Vivono accanto all’uomo da 9.000 anni ma il processo che ha portato alla domesticazione del gatto, da felino selvatico a micio casalingo, è ancora costellato di interrogativi. Ora però uno studio realizzato presso la Washington University School of Medicine di Saint Louis ha scoperto che l’azione dell’uomo ha lasciato il segno, letteralmente, nel genoma di questi animali. Un team di ricercatori ha infatti trovato alcune differenze tra il materiale genetico di esemplari selvatici e quello dei mici domestici, sequenziato completamento l'estate scorsa. E queste disuguaglianze sono associate proprio al rapporto tra loro e gli esseri umani.
Indizi domestici. Confrontando il genoma di sette razze di gatto domestico e due di gatto selvatico gli scienziati hanno constatato che le parti di DNA che non combaciano sono responsabili di aspetti comportamentali legati alla paura, alla capacità di rispondere agli stimoli e alla modulazione dell’aggressività. Secondo il genetista Wesley Warren, a capo della ricerca pubblicata sulla rivista Proceedings of the National Academy of Sciences, queste caratteristiche si sono evolute nei gatti selvatici, Felis silvestris, proprio in seguito all'interazione con gli esseri umani.

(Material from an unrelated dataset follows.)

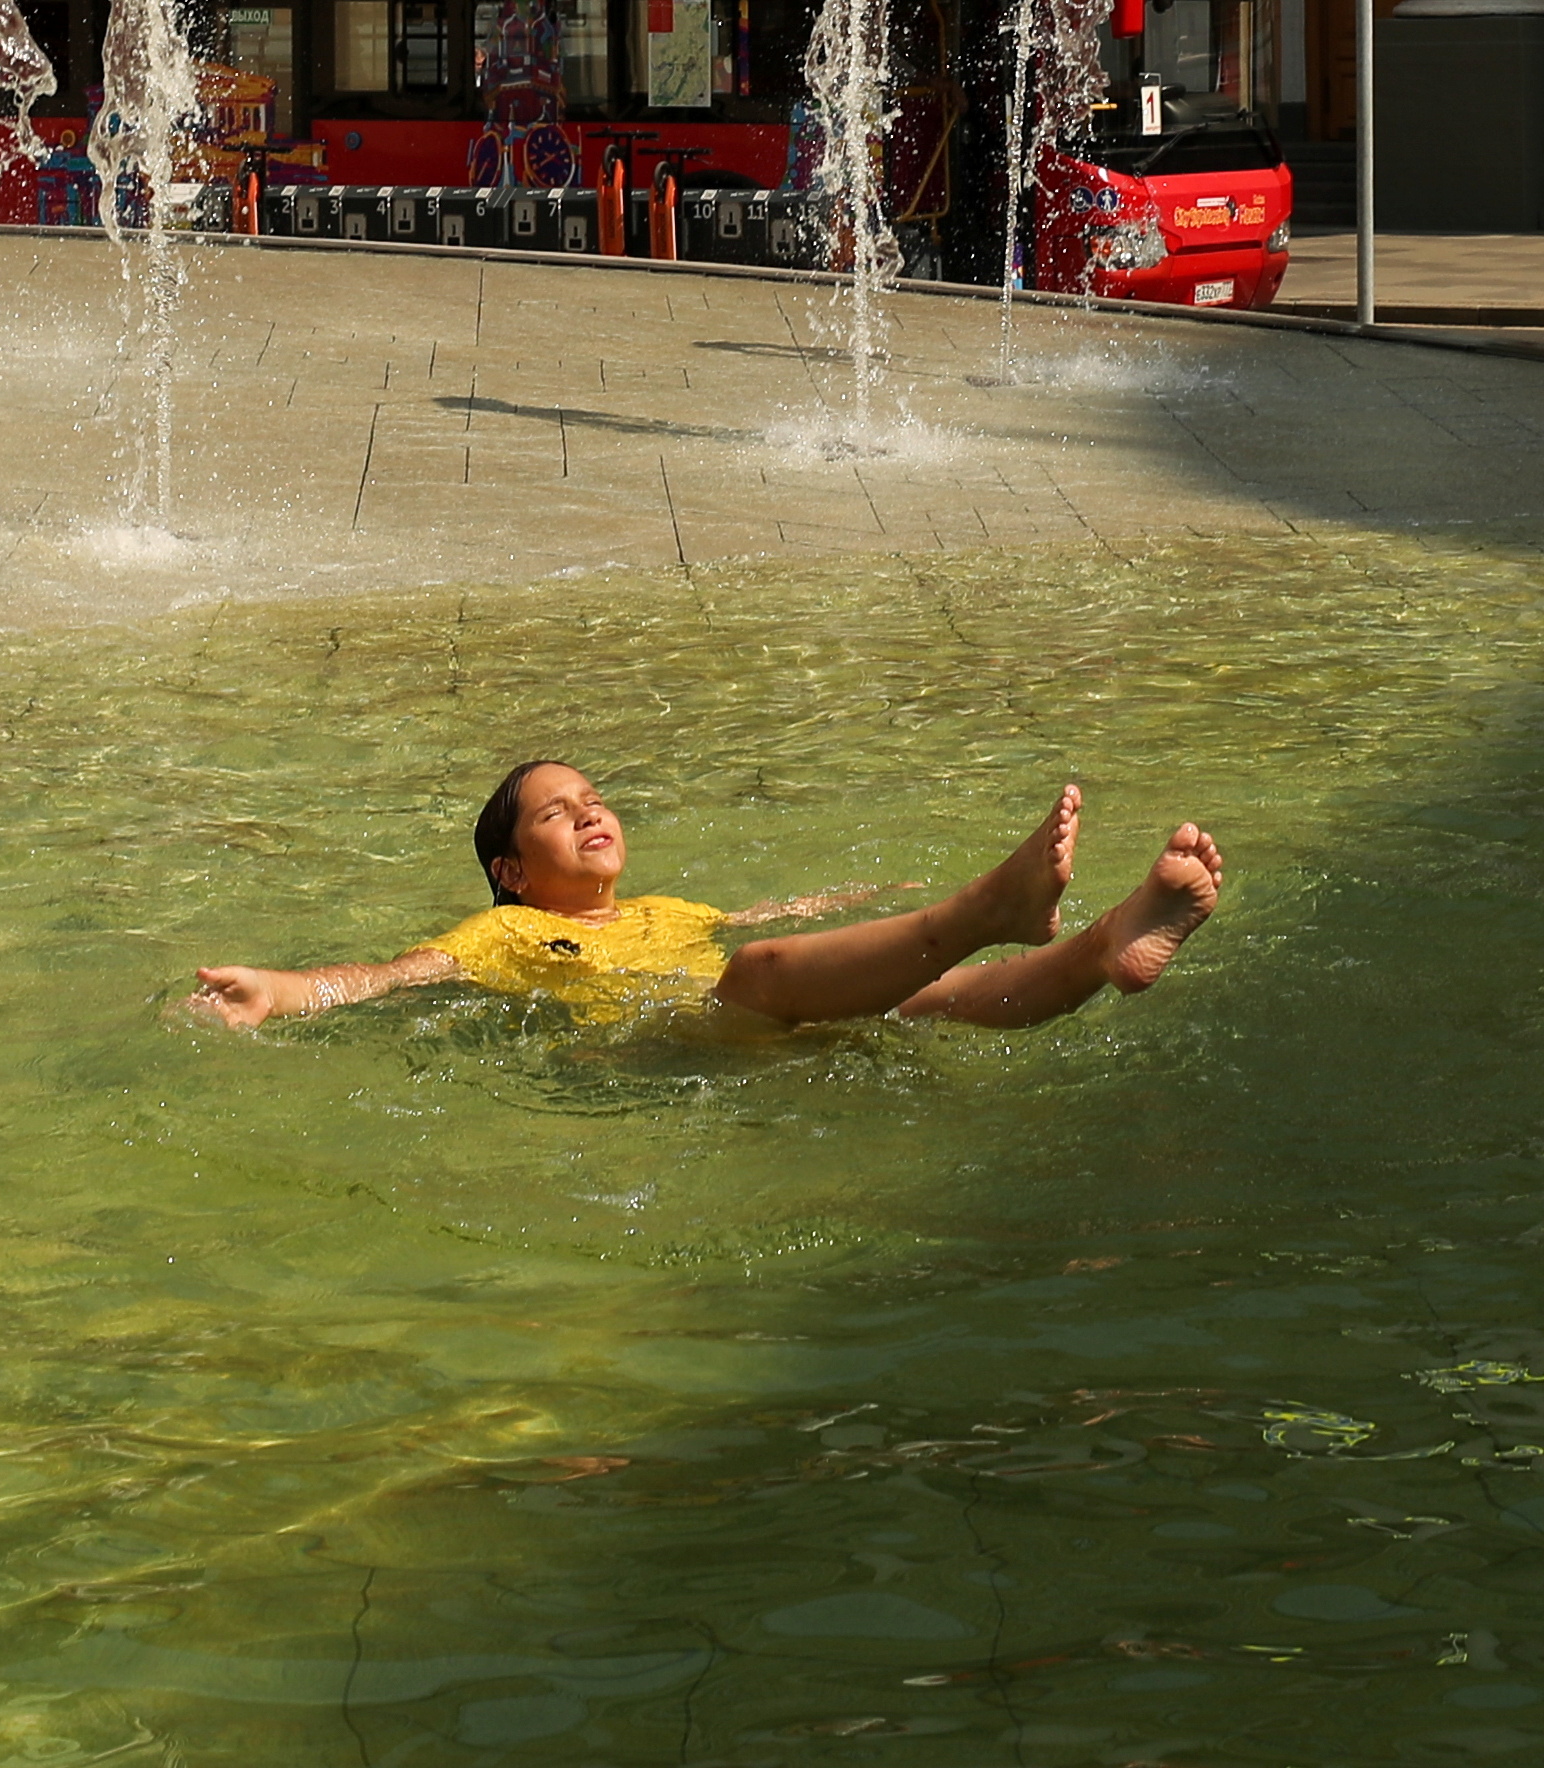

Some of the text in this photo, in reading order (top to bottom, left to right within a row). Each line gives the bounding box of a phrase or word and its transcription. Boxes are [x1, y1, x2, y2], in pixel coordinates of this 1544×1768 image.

Da nomadi ad agricoltori, gli uomini hanno adottato gli esemplari più docili e meno irruenti instaurando una reciproca collaborazione: per gli agricoltori i gatti erano efficaci alleati contro i topi e per i gatti gli uomini erano fornitori di cibo e riparo. Questa condizione ha poi fissato nel loro patrimonio genetico le caratteristiche che ancora oggi distinguono i felini selvaggi da quelli casalinghi, che sono più docili e più empatici nei confronti delle persone.